The disk is scanned, giving a graphic display of its state and showing access times, hence revealing sectors which take an excessive time to read. (The screenshot above shows a very sickly disk with many bad sectors.)

Several options are offered in a pop-up menu, which should initially be left as their defaults. In particular:

  • Start, End - Start and end sectors for the scan, defaulting to the entire disk.
  • Remap - Attempt to remap bad sectors, provided they can be read correctly (even with difficulty).
  • Erase delays - Erase sectors which take a long time to read, whether or not correctly. The data will be lost but this should cause them to be remapped.

To make sense of the Remap and Erase delays options, see Hard Disk Error Handling above.

Blocks of 255 sectors are each represented in the graphic display by a single blob. A brighter greyscale or a coloured blob indicates a slow read, suggesting the disk had trouble reading a sector. An "x" indicates a sector was unreadable.

CX - Perform random seeks and reads, and report the average access time.

HELP - Gives a list of all commands with brief descriptions.

MAN <command> - Gives a fuller description of the named command.

Log files

Log files of a session are recorded in text format in an automatically created sub-folder LOG. These are appended to for each session. To start fresh logs you can delete or rename the folder complete, optionally copying it to another disk.

hdparm

Warning03.png
Many of the facilities provided by hdparm are flagged as DANGEROUS, or even EXCEPTIONALLY DANGEROUS. DO NOT USE THIS OPTION!! You have been warned!

hdparm is a command line utility which runs under Linux, providing direct access to many features and options of a disk drive only available at the hardware level. It may be useful as a last resort, after reading the documentation carefully and weighing up the risks and possible benefits.

In particular, a hard disk from a video recorder which refuses to respond to other tools may have been set to power up in standby mode. The command

hdparm -S 0 /dev/sda

may succeed in setting it into a more cooperative mode.

If the disk is in a very bad way the computer could fail to boot with it plugged in. Boot with the power cable to the troublesome disk disconnected and reconnect it once booted. If the disk isn't automatically recognised, at a root prompt type:

ls /sys/class/scsi_host

You should get a list of hosts, e.g. host0 host1 host2. Pick one (here host0 is taken) where the drive might reside and type:

echo "- - -" > /sys/class/scsi_host/host0/scan

(The 3 minus signs are separated by spaces.) If you chose the right host the missing disk should appear in Disk Manager.

Spinrite

Introduction

Spinrite is a sophisticated hard disk maintenance utility, which works much harder than most others in order to recover data from failing disks. In many cases, Spinrite can use the erroneous results of many failed reads, together with error correction bits, to deduce what the data must have been.

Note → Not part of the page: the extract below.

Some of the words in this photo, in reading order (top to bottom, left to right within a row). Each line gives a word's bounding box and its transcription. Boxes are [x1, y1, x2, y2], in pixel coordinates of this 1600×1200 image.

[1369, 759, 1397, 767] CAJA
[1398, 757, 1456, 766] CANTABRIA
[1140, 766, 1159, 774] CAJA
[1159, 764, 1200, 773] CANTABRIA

This allows Spinrite to rewrite the recovered data, causing the disk to write it to alternate spare sectors.

An important distinction needs to be understood between the function of Spinrite and the DOS or Windows CHKDSK utility. The latter operates on the logical structure of the file system, i.e. how the disk space is organised as folders and files and free space is managed, simply regarding the disk as large pool of numbered blocks. It therefore cannot correct faults in the disk itself. Spinrite, on the other hand, works on the disk as a pool of blocks with no concern about how they might be used. It is therefore equally applicable to any hard disk however it's formatted, even if taken from another device such as a PVR or hard disk iPod, just so long as it can be connected to a machine that Spinrite can run on.

Spinrite has been around for many years, and the current version 6.0 was released 10 years ago. An Internet search may reveal criticisms of it, some of it ill-informed and vituperous. Nevertheless, many unsolicited testimonials indicate that it remains a very valuable tool, whether or not it will fix the disk you are faced with today.

Limitations

Version 6.0 has been known to crash when run against some modern drives, broadly in the class of 250GB upwards.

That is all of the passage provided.